И Марко постарался сделать так, чтобы пациенты были у них каждый день. Поначалу их было немного, но это даже было хорошо: он мог объяснять Джованне многие вещи, следить, как она бинтует или отмеряет лекарства. Заодно он показывал, как осматривает пациента.
Она слушала. Задавала вопросы очень редко, только когда действительно было не избежать обращения к нему. Старалась держаться чуть в стороне. Но он чувствовал, что ей это все интересно.
Находиться с Джованной в одной комнате не было мучительным, как Марко опасался. Когда она входила, ему казалось, становилось больше света вокруг, и он не мог объяснить логически это ощущение. Марко никогда не считал себя романтиком и поэтом. Несмотря на годы платонической влюбленности в Джованну, которая порой становилась мучительной, он влюблялся и занимался любовью с другими женщинами, ценил их и восхищался ими. Но когда они входили в комнату, он не чувствовал такого тихого и спокойного счастья, какое испытывал, работая бок о бок с Джованной.
Воодушевляясь тем, как быстро она впитывала знания, он начал всерьез преподавать ей медицину. Самое необходимое, практическое.
Он показывал Джованне анатомические атласы и свои собственные зарисовки, и когда она вдруг задавала вопрос, его душа пела. Марко приводило в восхищение ее владение латынью и греческим, теперь он покупал ей книги при малейшей возможности, потому что его попытку задарить ее платьями и украшениями она вежливо отклонила:
– В этом нет надобности.
Он предлагал ей прогулки, но Джованна молча отказывалась.
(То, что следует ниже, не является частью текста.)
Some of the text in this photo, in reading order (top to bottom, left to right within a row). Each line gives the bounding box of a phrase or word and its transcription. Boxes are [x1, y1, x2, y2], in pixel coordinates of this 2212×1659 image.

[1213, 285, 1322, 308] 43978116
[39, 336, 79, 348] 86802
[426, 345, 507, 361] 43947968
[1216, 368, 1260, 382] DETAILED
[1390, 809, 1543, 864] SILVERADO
Любые попытки перевести их общение с работы и учебы на что-то иное она встречала молчанием и равнодушием. Но он не терял надежды.
Теперь ездить к новым пациентам на дом ему нравилось меньше, чем принимать их дома с Джованной. Но именно знать платила много и щедро, поэтому Марко не отказывался от вызовов. Порой он думал, не устроил ли ему герцог де Адерно проверку своей женушкой: когда стало понятно, что Марко держит осаду блестяще и с тактом, именно по рекомендации герцога к нему посыпались новые приглашения.
А получив новых пациентов, Марко выявил еще три случая с такими же симптомами, как у герцога де Адерно: сухость во рту, слабость, учащенное сердцебиение. В двух случаях пару раз была рвота, еще один пациент жаловался на сильную жажду. Марко сначала подумал на холеру: в легких формах симптомы были похожие, но тогда должны быть и более тяжелые случаи, вспышка заболеваемости, однако в этих случаях симптомы длились уже долго, не прекращаясь, но и не переходя в более тяжелую форму.